Apple made a move to diversify its manufacturing base, promising that most U.S.-destined iPhones would soon be made in India, but that country faces tariffs, too. All this tariff uncertainty weighed on Apple stock, pushing it down by about 20% so far this year.

So, why should we expect a comeback in the second half? While Trump is serious about bringing manufacturing back to the U.S., it’s unlikely that he and his administration would make moves to destroy some of the country’s top companies, including Apple. We’ve seen signs of flexibility in initial U.S. trade deals with the U.K. and China, so it’s reasonable to expect a compromise with tech companies that won’t limit their growth.

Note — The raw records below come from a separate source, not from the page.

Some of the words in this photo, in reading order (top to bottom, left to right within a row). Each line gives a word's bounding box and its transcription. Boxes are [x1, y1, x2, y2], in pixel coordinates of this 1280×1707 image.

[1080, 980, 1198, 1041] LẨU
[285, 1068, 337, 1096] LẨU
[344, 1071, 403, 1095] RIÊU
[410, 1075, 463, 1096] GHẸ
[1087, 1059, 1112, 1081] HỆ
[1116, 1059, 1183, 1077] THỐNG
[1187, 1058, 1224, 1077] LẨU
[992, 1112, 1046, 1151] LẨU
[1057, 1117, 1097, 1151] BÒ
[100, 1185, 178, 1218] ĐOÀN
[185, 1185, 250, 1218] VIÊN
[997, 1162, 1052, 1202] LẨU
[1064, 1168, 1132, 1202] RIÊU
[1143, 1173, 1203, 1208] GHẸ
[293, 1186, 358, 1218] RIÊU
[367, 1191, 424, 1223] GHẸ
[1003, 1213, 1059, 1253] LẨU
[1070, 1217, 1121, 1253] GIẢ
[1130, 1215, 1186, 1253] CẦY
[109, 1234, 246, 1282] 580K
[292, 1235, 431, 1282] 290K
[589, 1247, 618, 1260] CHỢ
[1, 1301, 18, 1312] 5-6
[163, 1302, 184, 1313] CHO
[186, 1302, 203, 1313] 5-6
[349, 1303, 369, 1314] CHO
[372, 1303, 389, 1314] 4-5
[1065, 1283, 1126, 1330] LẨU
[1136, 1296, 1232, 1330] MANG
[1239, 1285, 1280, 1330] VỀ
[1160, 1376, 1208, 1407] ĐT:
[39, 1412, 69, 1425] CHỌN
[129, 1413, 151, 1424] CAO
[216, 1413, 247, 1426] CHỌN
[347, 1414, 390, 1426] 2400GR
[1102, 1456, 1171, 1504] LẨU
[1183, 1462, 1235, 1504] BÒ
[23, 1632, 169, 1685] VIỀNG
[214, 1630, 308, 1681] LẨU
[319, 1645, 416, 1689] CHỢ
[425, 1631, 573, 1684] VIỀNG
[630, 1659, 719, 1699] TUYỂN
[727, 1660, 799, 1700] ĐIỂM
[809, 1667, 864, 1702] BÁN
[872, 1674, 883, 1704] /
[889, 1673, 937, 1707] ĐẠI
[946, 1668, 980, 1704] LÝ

Meanwhile, Apple is a well-established player with a strong financial situation. The company has more than $48 billion in cash and marketable securities. So, it has the resources to address challenges. At the same time, the smartphone giant has a newish growth engine in the form of services. Services revenue, thanks to Apple’s huge base of installed devices, has reached record levels quarter after quarter. This growth should continue as loyal Apple users continue to rely on the company for data storage, digital entertainment, and more.

All this means that today, Apple looks like a bargain, trading at 27 times forward earnings estimates, down from more than 35 times late last year. These levels offer it plenty of room to run, and it may do just that on any good news in the second half.

2. SoundHound AI

SoundHound AI (SOUN -0.91%) is a specialist in voice AI, with its technology powering voice systems in cars and restaurant ordering systems, to mention just two examples. The stock has plummeted 50% so far this year, but I see this as more of a buying opportunity than a reason to worry, and here’s why.

First, after a 150% increase in SoundHound shares over the past year, it’s not surprising that some investors may have locked in gains in recent times. Second, growth companies — particularly young growth companies — may struggle to expand during rough economic times, so investors’ concerns earlier this year led to a sell-off of these sorts of players.

Today, it’s important to look at SoundHound’s earnings performance and long-term prospects. The company is in high-growth mode, with revenue soaring 150% in the latest quarter as it expands its customer base across various sectors. This is key because use across industries lowers risk, meaning if one customer or industry suffers, SoundHound won’t necessarily suffer alongside it.

SoundHound has numerous patents protecting its technology, a system that immediately translates speech into meaning without the speech-to-text step. This results in speed and improved quality.

SoundHound’s rapid growth and revenue of $29 million in the quarter, along with the forecasted $140 billion AI voice market size, suggest that much more growth could be ahead for this voice specialist.

All this means that as uncertainty about the general economy lifts and SoundHound continues to deliver growth, the stock could roar higher in the second half of the year.